* _RECORDED DATA_
>>

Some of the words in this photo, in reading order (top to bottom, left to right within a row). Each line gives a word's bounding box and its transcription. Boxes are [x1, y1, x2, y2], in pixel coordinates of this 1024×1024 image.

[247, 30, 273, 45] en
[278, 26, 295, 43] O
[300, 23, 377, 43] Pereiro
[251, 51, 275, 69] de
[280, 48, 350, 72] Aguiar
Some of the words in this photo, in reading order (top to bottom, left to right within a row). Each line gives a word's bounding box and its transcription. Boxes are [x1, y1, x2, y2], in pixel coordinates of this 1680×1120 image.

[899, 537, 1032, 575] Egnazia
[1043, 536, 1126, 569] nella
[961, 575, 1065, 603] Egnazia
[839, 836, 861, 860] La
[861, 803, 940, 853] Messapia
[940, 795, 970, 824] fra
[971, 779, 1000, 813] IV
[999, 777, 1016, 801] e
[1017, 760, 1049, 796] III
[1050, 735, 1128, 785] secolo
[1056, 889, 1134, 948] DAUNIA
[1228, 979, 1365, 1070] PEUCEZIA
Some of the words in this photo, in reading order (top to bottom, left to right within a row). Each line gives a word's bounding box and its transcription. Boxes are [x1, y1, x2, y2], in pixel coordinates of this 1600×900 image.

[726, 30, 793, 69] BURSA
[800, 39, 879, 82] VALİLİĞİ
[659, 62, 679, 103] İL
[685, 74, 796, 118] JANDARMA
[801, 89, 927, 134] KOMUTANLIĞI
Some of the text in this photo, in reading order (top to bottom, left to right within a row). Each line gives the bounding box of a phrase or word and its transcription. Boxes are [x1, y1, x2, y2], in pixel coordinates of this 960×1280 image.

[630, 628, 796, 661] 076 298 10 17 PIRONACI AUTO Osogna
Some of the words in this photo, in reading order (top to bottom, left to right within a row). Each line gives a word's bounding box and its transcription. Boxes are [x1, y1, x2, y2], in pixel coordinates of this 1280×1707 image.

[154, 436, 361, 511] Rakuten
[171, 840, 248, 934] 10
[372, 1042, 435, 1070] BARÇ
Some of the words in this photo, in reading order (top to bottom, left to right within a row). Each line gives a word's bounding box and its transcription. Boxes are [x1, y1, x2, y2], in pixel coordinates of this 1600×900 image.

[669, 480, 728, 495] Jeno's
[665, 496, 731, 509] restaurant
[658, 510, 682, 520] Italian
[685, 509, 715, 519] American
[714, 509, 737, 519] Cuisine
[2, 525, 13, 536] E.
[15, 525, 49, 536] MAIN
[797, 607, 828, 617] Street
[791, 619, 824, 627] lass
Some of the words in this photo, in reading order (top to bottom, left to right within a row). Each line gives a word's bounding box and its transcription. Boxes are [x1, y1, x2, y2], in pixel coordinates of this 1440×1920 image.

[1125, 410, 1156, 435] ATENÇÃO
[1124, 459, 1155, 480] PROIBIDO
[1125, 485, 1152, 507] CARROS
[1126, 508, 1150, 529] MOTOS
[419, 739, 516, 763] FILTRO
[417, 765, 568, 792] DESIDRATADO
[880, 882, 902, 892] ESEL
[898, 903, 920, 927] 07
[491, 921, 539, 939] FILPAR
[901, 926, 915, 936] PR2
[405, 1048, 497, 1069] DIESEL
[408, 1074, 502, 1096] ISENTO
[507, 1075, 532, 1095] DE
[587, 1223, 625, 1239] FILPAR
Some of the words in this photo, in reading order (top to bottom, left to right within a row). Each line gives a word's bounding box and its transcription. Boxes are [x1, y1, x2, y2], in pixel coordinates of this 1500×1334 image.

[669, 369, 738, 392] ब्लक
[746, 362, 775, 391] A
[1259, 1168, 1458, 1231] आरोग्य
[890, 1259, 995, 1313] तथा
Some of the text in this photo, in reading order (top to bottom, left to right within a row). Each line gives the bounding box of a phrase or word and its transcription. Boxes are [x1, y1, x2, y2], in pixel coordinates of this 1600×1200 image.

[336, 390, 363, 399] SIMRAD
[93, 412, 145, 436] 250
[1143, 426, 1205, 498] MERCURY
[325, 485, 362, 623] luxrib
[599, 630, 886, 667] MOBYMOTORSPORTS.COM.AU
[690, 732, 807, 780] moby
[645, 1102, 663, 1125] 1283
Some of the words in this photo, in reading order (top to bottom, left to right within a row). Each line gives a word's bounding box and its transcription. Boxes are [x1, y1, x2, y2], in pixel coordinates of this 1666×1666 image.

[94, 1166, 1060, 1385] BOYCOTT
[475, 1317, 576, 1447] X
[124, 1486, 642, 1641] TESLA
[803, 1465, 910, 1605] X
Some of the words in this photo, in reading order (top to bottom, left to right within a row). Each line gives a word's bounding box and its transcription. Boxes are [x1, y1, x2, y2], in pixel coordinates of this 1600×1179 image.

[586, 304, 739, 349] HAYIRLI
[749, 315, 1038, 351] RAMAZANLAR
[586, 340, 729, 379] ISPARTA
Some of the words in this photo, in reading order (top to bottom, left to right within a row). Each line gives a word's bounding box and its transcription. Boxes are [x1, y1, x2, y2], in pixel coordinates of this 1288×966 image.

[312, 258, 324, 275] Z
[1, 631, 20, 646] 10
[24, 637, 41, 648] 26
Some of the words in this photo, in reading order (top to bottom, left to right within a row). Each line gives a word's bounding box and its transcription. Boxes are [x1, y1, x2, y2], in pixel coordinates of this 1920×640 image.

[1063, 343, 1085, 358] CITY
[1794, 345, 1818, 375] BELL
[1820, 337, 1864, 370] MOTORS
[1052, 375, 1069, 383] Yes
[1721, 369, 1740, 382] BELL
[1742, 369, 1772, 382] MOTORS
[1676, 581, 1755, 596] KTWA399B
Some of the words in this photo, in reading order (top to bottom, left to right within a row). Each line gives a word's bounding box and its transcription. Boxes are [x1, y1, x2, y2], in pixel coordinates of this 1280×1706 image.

<<

Set down the data once more, word for word.

Some of the words in this photo, in reading order (top to bottom, left to right within a row). Each line gives a word's bounding box and its transcription. Boxes are [x1, y1, x2, y2], in pixel coordinates of this 1024×1024 image.

[247, 30, 273, 45] en
[278, 26, 295, 43] O
[300, 23, 377, 43] Pereiro
[251, 51, 275, 69] de
[280, 48, 350, 72] Aguiar
Some of the words in this photo, in reading order (top to bottom, left to right within a row). Each line gives a word's bounding box and its transcription. Boxes are [x1, y1, x2, y2], in pixel coordinates of this 1680×1120 image.

[899, 537, 1032, 575] Egnazia
[1043, 536, 1126, 569] nella
[961, 575, 1065, 603] Egnazia
[839, 836, 861, 860] La
[861, 803, 940, 853] Messapia
[940, 795, 970, 824] fra
[971, 779, 1000, 813] IV
[999, 777, 1016, 801] e
[1017, 760, 1049, 796] III
[1050, 735, 1128, 785] secolo
[1056, 889, 1134, 948] DAUNIA
[1228, 979, 1365, 1070] PEUCEZIA
Some of the words in this photo, in reading order (top to bottom, left to right within a row). Each line gives a word's bounding box and its transcription. Boxes are [x1, y1, x2, y2], in pixel coordinates of this 1600×900 image.

[726, 30, 793, 69] BURSA
[800, 39, 879, 82] VALİLİĞİ
[659, 62, 679, 103] İL
[685, 74, 796, 118] JANDARMA
[801, 89, 927, 134] KOMUTANLIĞI
Some of the text in this photo, in reading order (top to bottom, left to right within a row). Each line gives the bounding box of a phrase or word and its transcription. Boxes are [x1, y1, x2, y2], in pixel coordinates of this 960×1280 image.

[630, 628, 796, 661] 076 298 10 17 PIRONACI AUTO Osogna
Some of the words in this photo, in reading order (top to bottom, left to right within a row). Each line gives a word's bounding box and its transcription. Boxes are [x1, y1, x2, y2], in pixel coordinates of this 1280×1707 image.

[154, 436, 361, 511] Rakuten
[171, 840, 248, 934] 10
[372, 1042, 435, 1070] BARÇ
Some of the words in this photo, in reading order (top to bottom, left to right within a row). Each line gives a word's bounding box and its transcription. Boxes are [x1, y1, x2, y2], in pixel coordinates of this 1600×900 image.

[669, 480, 728, 495] Jeno's
[665, 496, 731, 509] restaurant
[658, 510, 682, 520] Italian
[685, 509, 715, 519] American
[714, 509, 737, 519] Cuisine
[2, 525, 13, 536] E.
[15, 525, 49, 536] MAIN
[797, 607, 828, 617] Street
[791, 619, 824, 627] lass
Some of the words in this photo, in reading order (top to bottom, left to right within a row). Each line gives a word's bounding box and its transcription. Boxes are [x1, y1, x2, y2], in pixel coordinates of this 1440×1920 image.

[1125, 410, 1156, 435] ATENÇÃO
[1124, 459, 1155, 480] PROIBIDO
[1125, 485, 1152, 507] CARROS
[1126, 508, 1150, 529] MOTOS
[419, 739, 516, 763] FILTRO
[417, 765, 568, 792] DESIDRATADO
[880, 882, 902, 892] ESEL
[898, 903, 920, 927] 07
[491, 921, 539, 939] FILPAR
[901, 926, 915, 936] PR2
[405, 1048, 497, 1069] DIESEL
[408, 1074, 502, 1096] ISENTO
[507, 1075, 532, 1095] DE
[587, 1223, 625, 1239] FILPAR
Some of the words in this photo, in reading order (top to bottom, left to right within a row). Each line gives a word's bounding box and its transcription. Boxes are [x1, y1, x2, y2], in pixel coordinates of this 1500×1334 image.

[669, 369, 738, 392] ब्लक
[746, 362, 775, 391] A
[1259, 1168, 1458, 1231] आरोग्य
[890, 1259, 995, 1313] तथा
Some of the text in this photo, in reading order (top to bottom, left to right within a row). Each line gives the bounding box of a phrase or word and its transcription. Boxes are [x1, y1, x2, y2], in pixel coordinates of this 1600×1200 image.

[336, 390, 363, 399] SIMRAD
[93, 412, 145, 436] 250
[1143, 426, 1205, 498] MERCURY
[325, 485, 362, 623] luxrib
[599, 630, 886, 667] MOBYMOTORSPORTS.COM.AU
[690, 732, 807, 780] moby
[645, 1102, 663, 1125] 1283
Some of the words in this photo, in reading order (top to bottom, left to right within a row). Each line gives a word's bounding box and its transcription. Boxes are [x1, y1, x2, y2], in pixel coordinates of this 1666×1666 image.

[94, 1166, 1060, 1385] BOYCOTT
[475, 1317, 576, 1447] X
[124, 1486, 642, 1641] TESLA
[803, 1465, 910, 1605] X
Some of the words in this photo, in reading order (top to bottom, left to right within a row). Each line gives a word's bounding box and its transcription. Boxes are [x1, y1, x2, y2], in pixel coordinates of this 1600×1179 image.

[586, 304, 739, 349] HAYIRLI
[749, 315, 1038, 351] RAMAZANLAR
[586, 340, 729, 379] ISPARTA
Some of the words in this photo, in reading order (top to bottom, left to right within a row). Each line gives a word's bounding box and its transcription. Boxes are [x1, y1, x2, y2], in pixel coordinates of this 1288×966 image.

[312, 258, 324, 275] Z
[1, 631, 20, 646] 10
[24, 637, 41, 648] 26
Some of the words in this photo, in reading order (top to bottom, left to right within a row). Each line gives a word's bounding box and its transcription. Boxes are [x1, y1, x2, y2], in pixel coordinates of this 1920×640 image.

[1063, 343, 1085, 358] CITY
[1794, 345, 1818, 375] BELL
[1820, 337, 1864, 370] MOTORS
[1052, 375, 1069, 383] Yes
[1721, 369, 1740, 382] BELL
[1742, 369, 1772, 382] MOTORS
[1676, 581, 1755, 596] KTWA399B
Some of the words in this photo, in reading order (top to bottom, left to right within a row). Each line gives a word's bounding box and its transcription. Boxes are [x1, y1, x2, y2], in pixel coordinates of this 1280×1706 image.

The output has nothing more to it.